Love Letters

09 Feb
February 9, 2016

Love Letters. Lessons for TomorrowHow do I love thee? Let me count the ways. (Elizabeth Barrett Browning)

Doesn’t it feel great when we receive a love letter? A letter written from the heart, something that we can hold on to and cherish. Writing letters is a dying art. When we hosted a foreign exchange student from Columbia, South America, he would receive love letters from his girlfriend that smelled like perfume and had lipstick kisses on the paper. Soldiers used to write letters home to their loved ones. I have the letters that my uncle sent home to his mom and dad when he was stationed in Vietnam. It’s still important to write love letters to our spouses, parents, and children.

Brett Shoemaker wrote a letter to his future wife and he didn’t even know her name yet. He wanted her to know that she was already beautiful, that she was a princess worth fighting for and that their fairy tale will happen but it won’t go from ‘one upon a time’ to ‘happy ever after’. Sometimes there might be a battle that goes on in the middle chapters, although through love, patience, communication, and the grace of God, they are going to win. He signed his letter, Prince Charming.

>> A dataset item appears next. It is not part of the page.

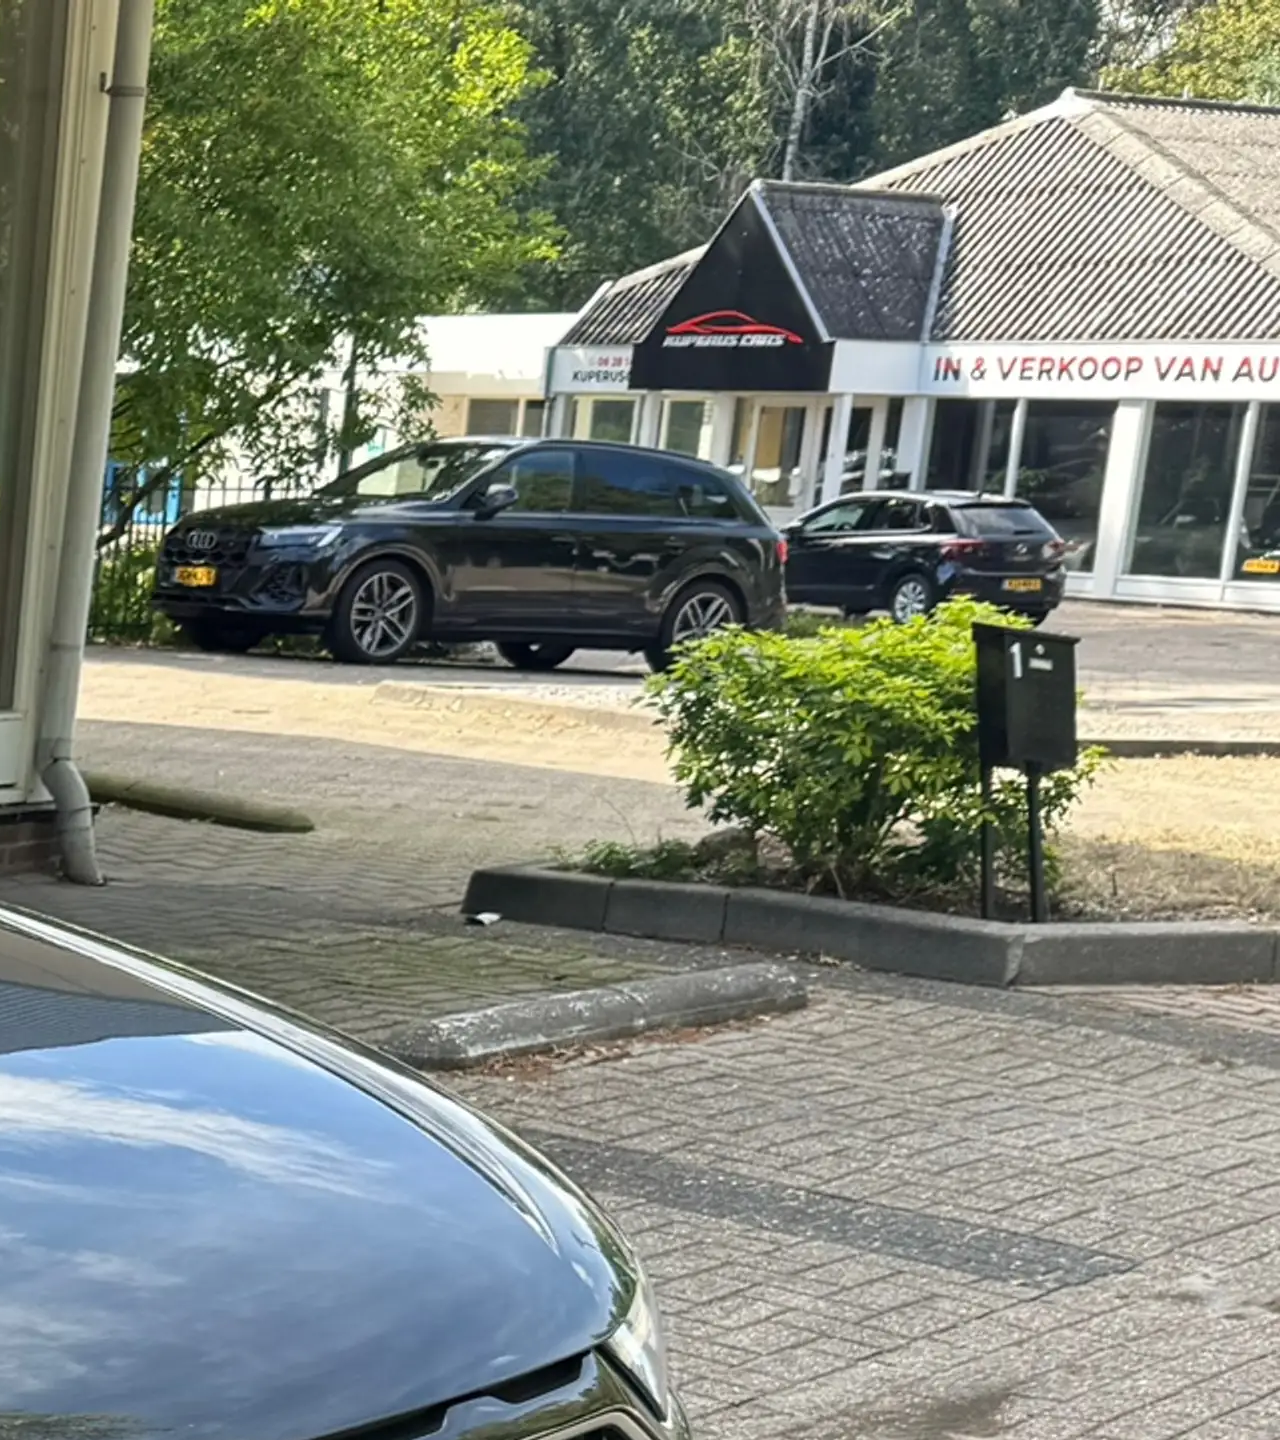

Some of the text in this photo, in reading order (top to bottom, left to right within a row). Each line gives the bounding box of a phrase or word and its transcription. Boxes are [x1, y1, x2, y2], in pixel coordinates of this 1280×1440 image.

[662, 333, 787, 348] KUPERUS CARS
[933, 356, 1280, 382] IN & VERKOOP VAN AU
[1009, 641, 1022, 679] 1

Dr. Kelly Flanagan wrote a letter to his little girl about her future husband. He addresses it to Dear Cutie Pie, and lets her know that her only task is to know deeply in her soul, in that unshakeable place that isn’t rattled by rejection and loss and ego that she is worthy of interest. He ends his letter saying that he doesn’t care if her future husband was raised in this religion or that religion or no religion as long as he was raised to value the sacred and to know every moment in life, and every moment of life with his daughter, is deeply sacred. If she stumbles across a man like that and he and her father have nothing else in common, they will have the most important thing in common, his daughter.

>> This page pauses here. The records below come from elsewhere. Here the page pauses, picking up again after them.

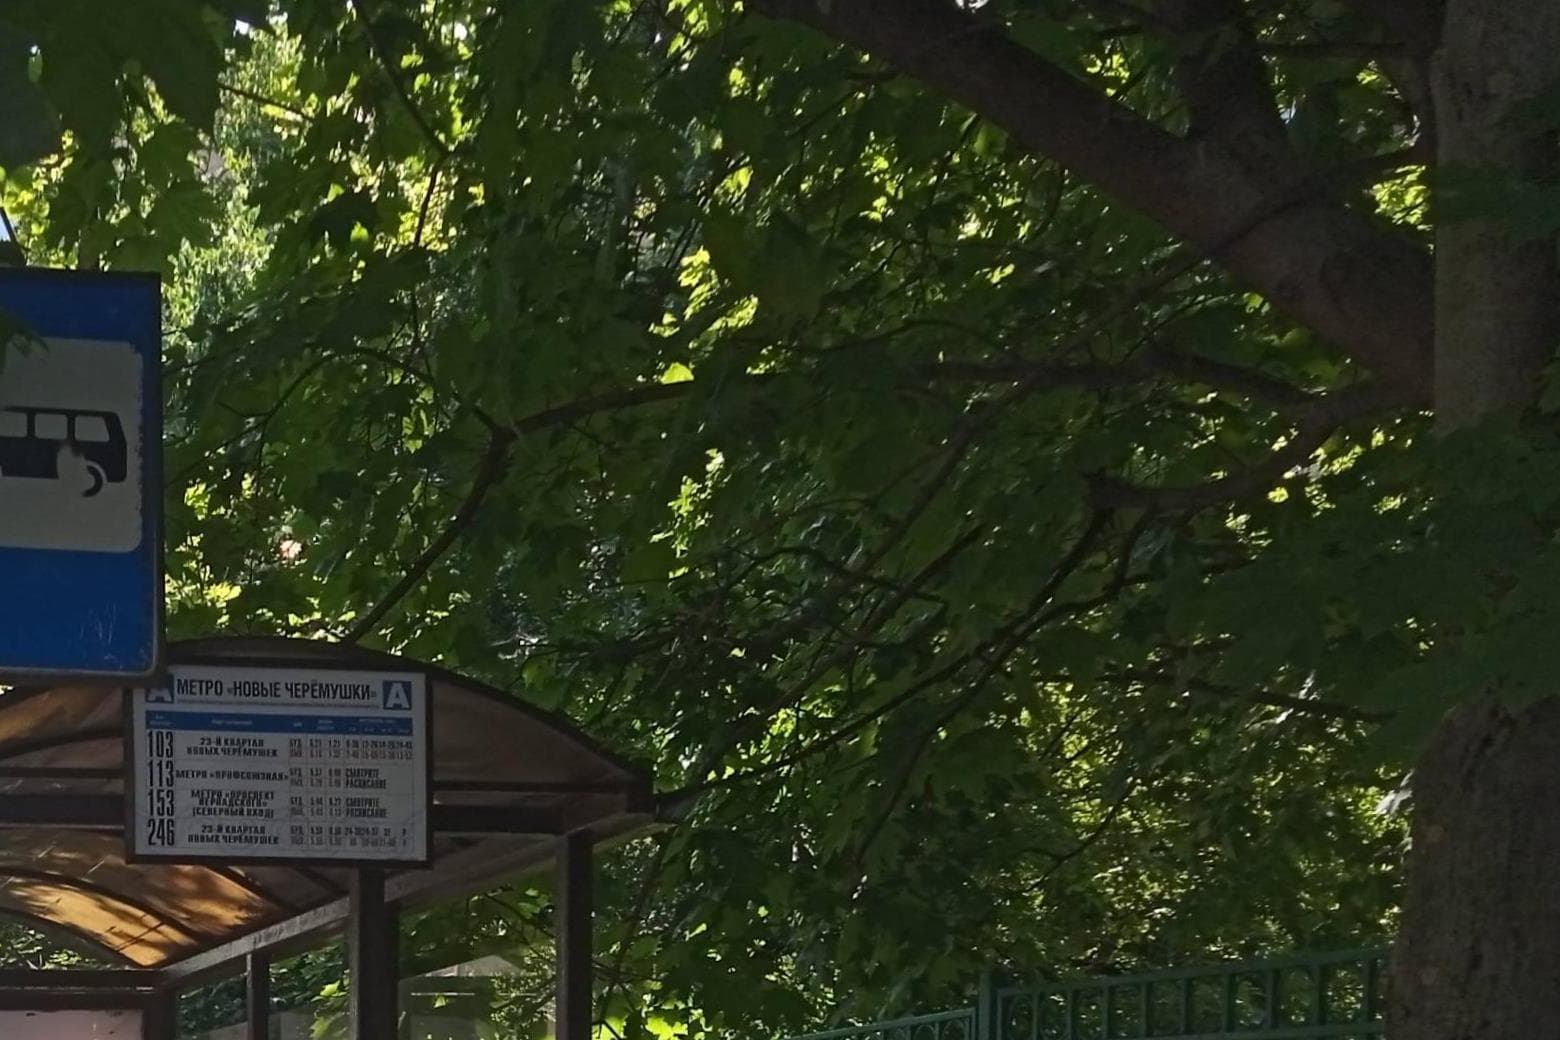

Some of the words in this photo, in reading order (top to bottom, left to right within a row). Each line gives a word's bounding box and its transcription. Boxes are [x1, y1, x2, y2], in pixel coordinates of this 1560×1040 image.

[177, 678, 223, 697] МЕТРО
[227, 680, 281, 699] «НОВЫЕ
[285, 679, 376, 701] ЧЕРЁМУШКИ»
[148, 731, 174, 758] 103
[148, 760, 174, 787] 113
[148, 789, 175, 816] 153
[147, 819, 175, 847] 246

Start by writing a little note or motivational message and put it in your spouses or child’s lunchbox. When I was in college my mom sent a little note each week, sometimes enclosing a couple dollars for milk and bread. When my aunt was going through cancer treatments my mother would send her an inspirational card weekly. We wrote letters to our children went they went to camp. Write a letter to your child or grandchild every year on their birthday recapping the highlights of the year. Write a note to a friend and let them know how much you value their friendship.

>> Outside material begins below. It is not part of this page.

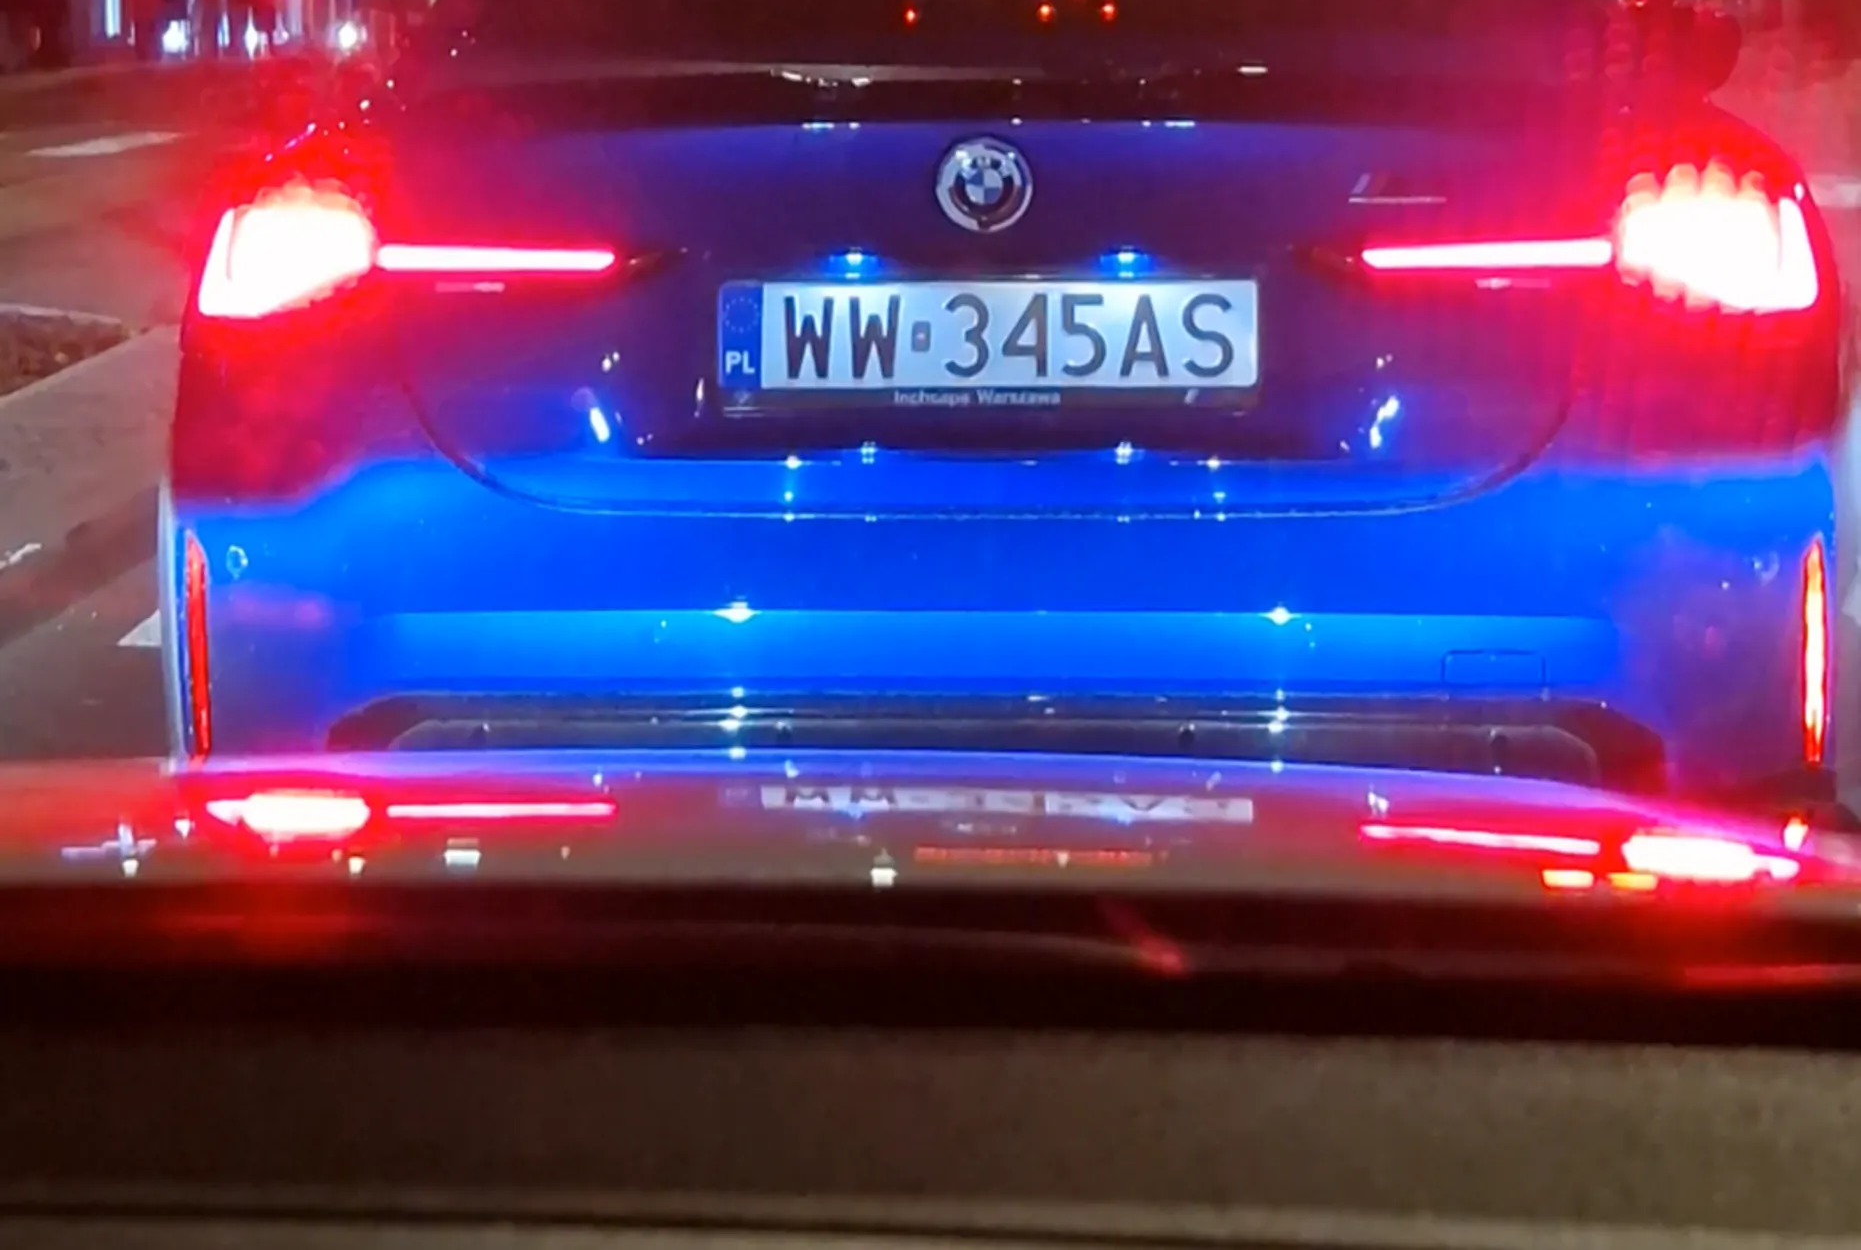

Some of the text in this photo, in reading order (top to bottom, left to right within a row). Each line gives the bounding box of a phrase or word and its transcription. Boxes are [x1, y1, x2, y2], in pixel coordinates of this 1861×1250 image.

Writing can be therapeutic and good for the soul. People who are at turning points in their lives, facing challenging situation and at transitional life stages, need to write as well as engaged couples, divorcing couples, expectant and new parents. People also write on milestone birthdays, when diagnosed with a terminal illness, at the end of their life.

On your parent’s anniversary write them a note and let them that they were a good role model for you or on your anniversary write your spouse a love letter. Maybe the top ten reasons on why you make a great team; remind them of all of the reasons that you fell in love with them.

On mother’s day write your mother a letter and let her know what lessons she taught you. The same for father’s day, what lessons did you learn from your father?

Write a letter to your children. When our daughters graduated from high school we wrote each of them a letter. Rebecca’s letter ended with, “We are so proud of you and the young woman that you have become. You are well-rounded and grounded in faith, family and friends. You’re a natural leader. Everything has to have an element of fun. You can speak Spanish, play an instrument and read music, are athletic and have maintained a high grade point average. You have a can do attitude. You, Rebecca Rose can do anything if you put your mind to it and we couldn’t be prouder.”

According to Rachael Freed, founder of Life-Legacies, we write to belong, to be known, to be remembered, to be needed, to make a difference, to bless and be blessed and to celebrate life. The most important letter that you ever write may be your ethical spiritual will. A written legacy to future generations to pass on your history, identity, values, love, stories and wisdom to those you love.

Don’t wait to start writing, start today by writing something, even if it’s just a little note. Let’s bring back the dying art of letter writing.